EXERCISE AIM:
Word for word, set down the entries below.

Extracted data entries
===============
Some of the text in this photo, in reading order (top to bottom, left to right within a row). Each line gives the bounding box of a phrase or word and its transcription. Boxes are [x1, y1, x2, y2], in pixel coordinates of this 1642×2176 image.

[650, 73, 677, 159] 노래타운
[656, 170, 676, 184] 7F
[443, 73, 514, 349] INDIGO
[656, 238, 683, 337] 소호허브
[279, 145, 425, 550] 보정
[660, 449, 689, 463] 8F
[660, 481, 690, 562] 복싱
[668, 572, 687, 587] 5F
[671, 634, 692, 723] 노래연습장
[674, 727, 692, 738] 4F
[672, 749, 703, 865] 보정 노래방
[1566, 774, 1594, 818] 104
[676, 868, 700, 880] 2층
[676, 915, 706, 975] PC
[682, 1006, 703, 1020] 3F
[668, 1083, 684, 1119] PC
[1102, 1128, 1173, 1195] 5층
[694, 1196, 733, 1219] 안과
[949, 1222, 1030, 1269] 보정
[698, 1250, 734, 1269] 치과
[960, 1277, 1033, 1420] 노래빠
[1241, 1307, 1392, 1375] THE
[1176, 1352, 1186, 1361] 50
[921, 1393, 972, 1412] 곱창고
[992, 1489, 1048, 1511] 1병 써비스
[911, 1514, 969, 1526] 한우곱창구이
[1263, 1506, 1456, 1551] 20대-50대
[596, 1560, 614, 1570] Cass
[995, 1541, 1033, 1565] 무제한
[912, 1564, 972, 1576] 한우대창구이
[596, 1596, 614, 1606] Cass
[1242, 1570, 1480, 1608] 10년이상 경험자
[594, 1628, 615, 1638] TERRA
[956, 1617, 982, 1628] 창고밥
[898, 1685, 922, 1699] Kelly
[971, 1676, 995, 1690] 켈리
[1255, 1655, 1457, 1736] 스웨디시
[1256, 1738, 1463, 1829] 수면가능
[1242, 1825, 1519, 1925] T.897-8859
===============
ANSWER FOR THIS EXERCISE:
Some of the text in this photo, in reading order (top to bottom, left to right within a row). Each line gives the bounding box of a phrase or word and its transcription. Boxes are [x1, y1, x2, y2], in pixel coordinates of this 1642×2176 image.

[650, 73, 677, 159] 노래타운
[656, 170, 676, 184] 7F
[443, 73, 514, 349] INDIGO
[656, 238, 683, 337] 소호허브
[279, 145, 425, 550] 보정
[660, 449, 689, 463] 8F
[660, 481, 690, 562] 복싱
[668, 572, 687, 587] 5F
[671, 634, 692, 723] 노래연습장
[674, 727, 692, 738] 4F
[672, 749, 703, 865] 보정 노래방
[1566, 774, 1594, 818] 104
[676, 868, 700, 880] 2층
[676, 915, 706, 975] PC
[682, 1006, 703, 1020] 3F
[668, 1083, 684, 1119] PC
[1102, 1128, 1173, 1195] 5층
[694, 1196, 733, 1219] 안과
[949, 1222, 1030, 1269] 보정
[698, 1250, 734, 1269] 치과
[960, 1277, 1033, 1420] 노래빠
[1241, 1307, 1392, 1375] THE
[1176, 1352, 1186, 1361] 50
[921, 1393, 972, 1412] 곱창고
[992, 1489, 1048, 1511] 1병 써비스
[911, 1514, 969, 1526] 한우곱창구이
[1263, 1506, 1456, 1551] 20대-50대
[596, 1560, 614, 1570] Cass
[995, 1541, 1033, 1565] 무제한
[912, 1564, 972, 1576] 한우대창구이
[596, 1596, 614, 1606] Cass
[1242, 1570, 1480, 1608] 10년이상 경험자
[594, 1628, 615, 1638] TERRA
[956, 1617, 982, 1628] 창고밥
[898, 1685, 922, 1699] Kelly
[971, 1676, 995, 1690] 켈리
[1255, 1655, 1457, 1736] 스웨디시
[1256, 1738, 1463, 1829] 수면가능
[1242, 1825, 1519, 1925] T.897-8859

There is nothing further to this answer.